The mode of transmission of electrical effects†

Abstract

The dependence of substituent electrical effect transmission on substituent–reaction site distance and on the charge on reactant and product or transition state has been studied in the systems X–G–Y and X–Y where X is a variable substituent, Y a reaction site, and G a skeletal group. Reaction types studied were molecule–molecule (MM), molecule–ion (MI), and molecular ionization (Mi). MM reactions include proton transfer equilibria (pK_a’s) of compounds with Y = CO₂H, OH, SO₂NH₂, NR₂H⁺, azarenes, PO₂(OH)^–, and SH; gas phase ΔG_acid values for Y = CO₂H and OH, and proton affinities for NR₂H⁺, proton transfer reaction rates for XGCO₂H with Ph₂CN₂, and hydrogen bonding equilibria for XGCN (pK_HB). MI’s include rates of base catalyzed ester hydrolysis, nucleophilic substitution of PhCOCH₂Br by XGCO₂^–, and protodetritiation of T-substituted arenes. Mi reactions were solvolyses of XGCHLgMe (Lg is a leaving group) and XGCMe₂Cl. The measure of electrical effect magnitude used was L, the coefficient of the localized (field and/or inductive) effect obtained from correlation of appropriate data sets with linear free energy relationships.
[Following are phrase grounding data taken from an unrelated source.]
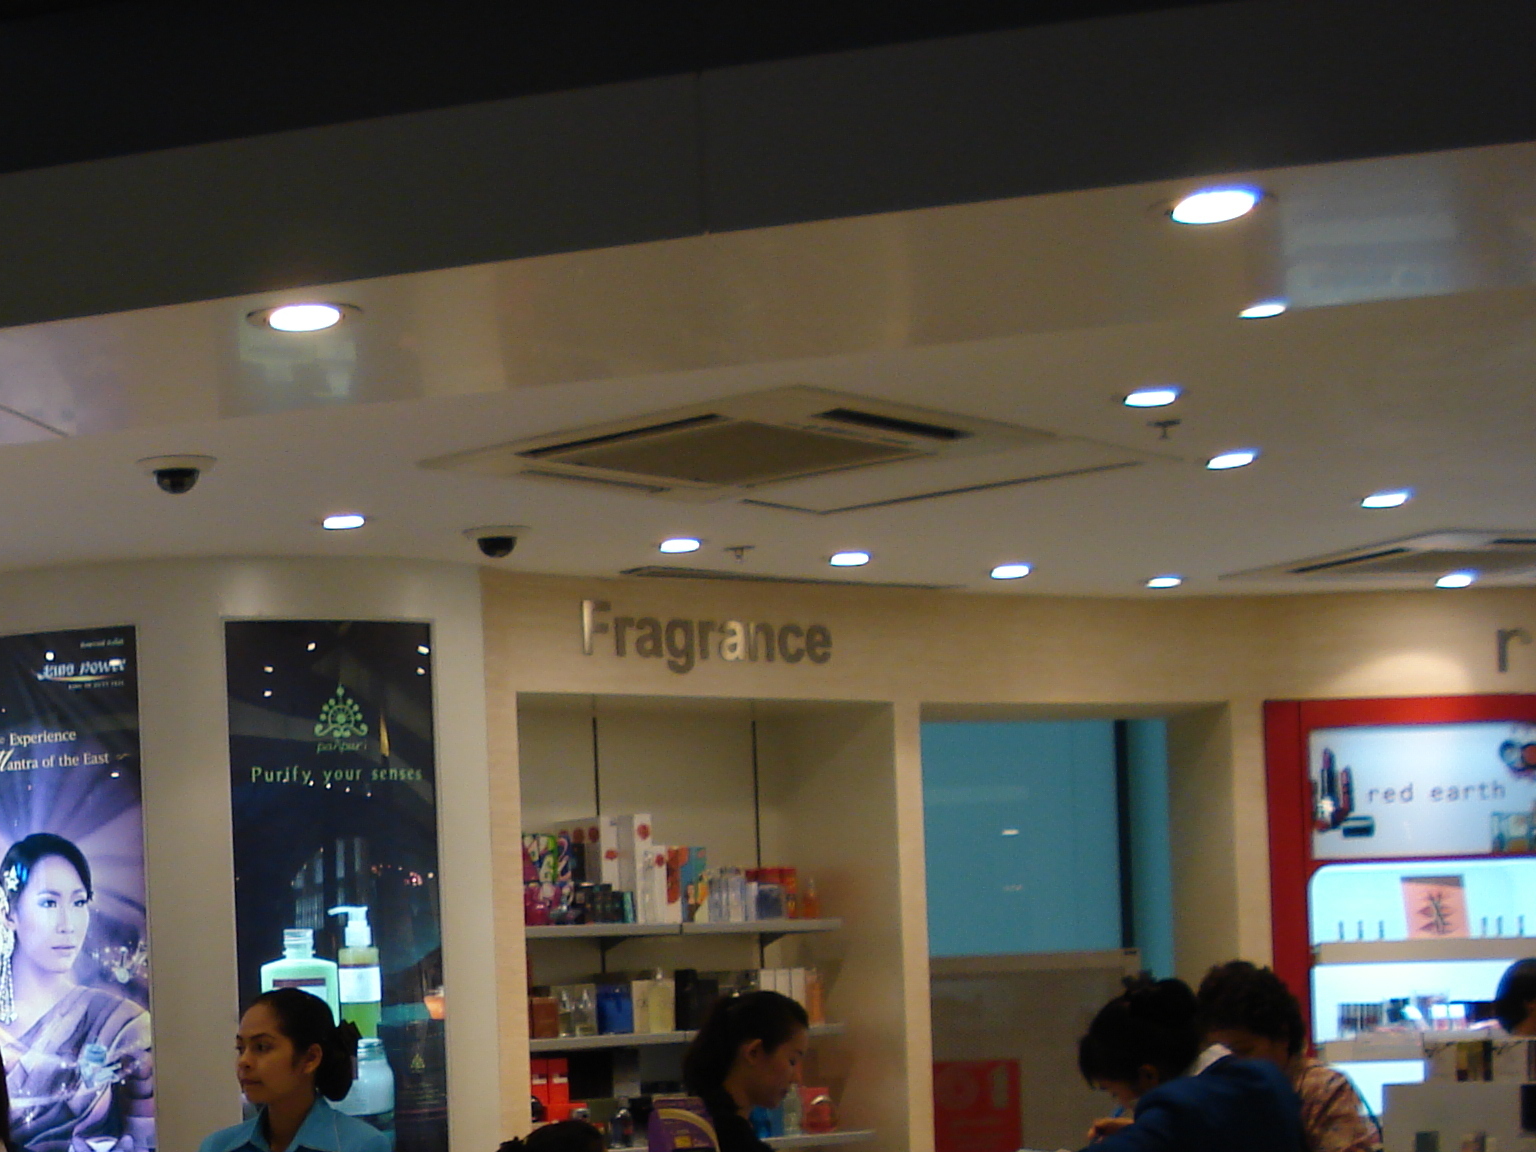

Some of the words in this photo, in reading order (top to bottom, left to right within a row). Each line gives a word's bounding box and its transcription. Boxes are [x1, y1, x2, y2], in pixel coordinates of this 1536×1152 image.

[581, 599, 833, 674] Fragrance
[9, 730, 77, 747] Experience
[42, 756, 55, 768] of
[58, 754, 80, 767] the
[83, 752, 110, 766] East
[251, 765, 312, 785] Purify
[323, 768, 362, 786] your
[371, 766, 423, 782] senses
[1367, 782, 1414, 804] red
[1431, 780, 1506, 802] earth
The substituent–reaction site distance was parameterized by n, the number of bonds between the substituent and the nearest atom of the reaction site undergoing bond change (Y¹). Correlations of L with 1/n² and 1/n; and of log |L| with log n by simple linear regression analysis determined the dependence of L on n. Data sets with very large values of θ, the angle between the X–G bond and the line joining X and Y¹, were excluded. Data in aqueous–organic solvent mixtures can be combined into a single data set regardless of the solvent composition, probably due to preferential solvation by water. The results do not agree with the Kirkwood–Westheimer model for MI, Mi, and some MM reactions all of which show a dependence on 1/n rather than 1/n². They support a modified field effect as the mode of transmission. This model differs from the Kirkwood–Westheimer model m seeming to depend on the charge difference between initial and final states.